Lymphocyte function-associated antigen 1 (LFA-1) contains sulfated N-linked oligosaccharides

The murine lymphocyte function-associated antigen 1 (LFA-1) is a glycoprotein heterodimer consisting of an Mr 180,000 α-chain and an Mr 95,000 β-chain. Although LFA-1 has been studied extensively in the past few years due to its involvement in various antigen-specific T lymphocyte responses, virtually nothing is known about its glycosylation. In this report, we have analyzed the oligosaccharide moieties of the murine LFA-1 molecule. Utilizing a T lymphoma cell line, EL-4, it was found that [³⁵S] sulfate, [³H]glucosamine, [³H]mannose, and [³H]fucose were incorporated into both the α- and β-chains of LFA-1. Isolated α- and β-chains from anti-LFA-1 immunoprecipitates of [³H]glucosamine-labeled NP-40 lysates were subjected to tryptic-chymotryptic digestion, and the resulting glycopeptides were fractionated by reverse-phase high performance liquid chromatography.
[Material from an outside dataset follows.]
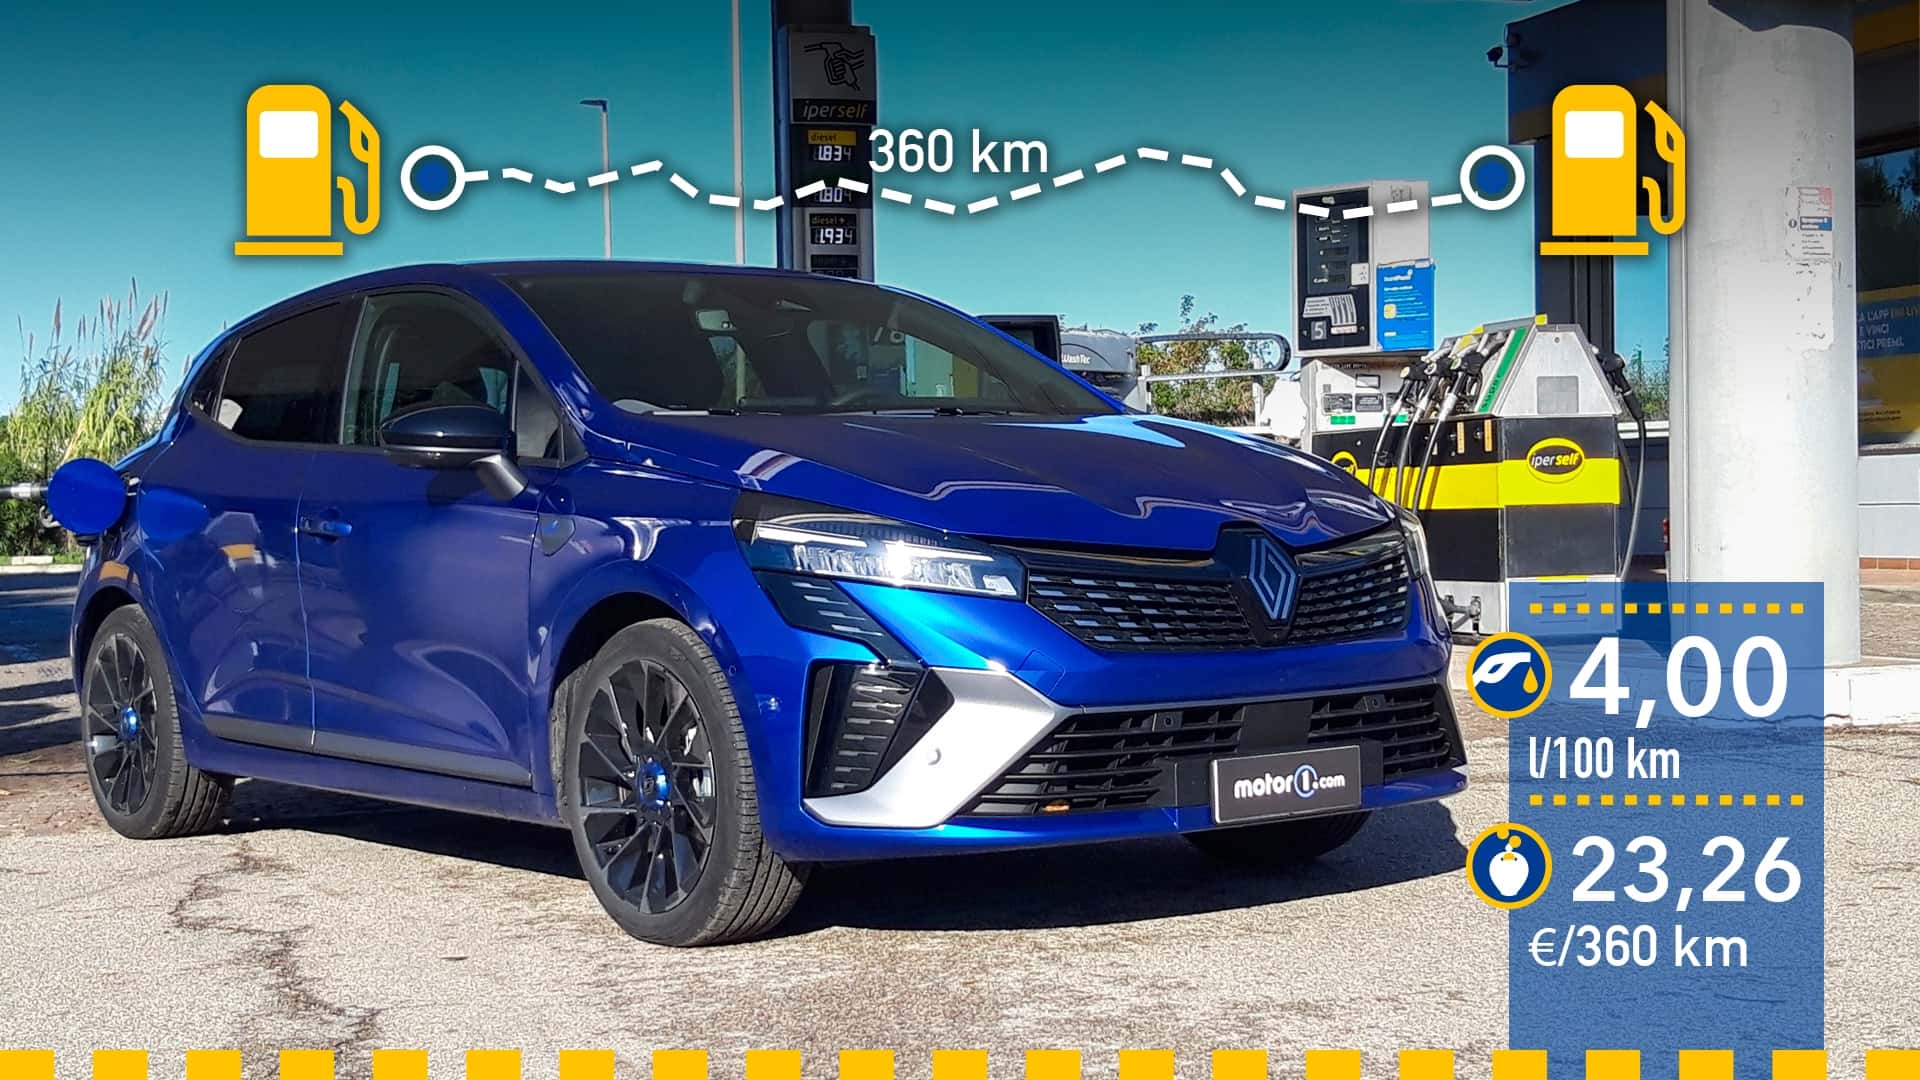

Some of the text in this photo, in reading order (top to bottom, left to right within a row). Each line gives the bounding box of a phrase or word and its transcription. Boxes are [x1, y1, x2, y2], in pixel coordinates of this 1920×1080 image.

Five major [³H]glucosamine-labeled glycopeptides were generated by this procedure from each of the two polypeptide chains. Treatment of the individual glycopeptides with almond emulsin peptide:N-glycosidase or Endo F demonstrated that the [³H]glucosamine label existed almost entirely in N-linked oligosaccharide structures (Mr 5000 to 10,000). By using similar techniques, the majority of the [³⁵S]sulfate moieties were also found covalently bound to N-linked oligosaccharides. In addition, both [³⁵S]sulfate-labeled α- and β-chains were susceptible to Keratanase and endo-β-galactosidase digestions, indicating the presence of sulfated N-acetyllactosamine sequences. The expression of [³⁵S]sulfate-labeled LFA-1 on various cell types was also examined. LFA-1 was found to be sulfated only on thymocytes and splenic T cells, but not on macrophages, splenic B, or bone marrow cells.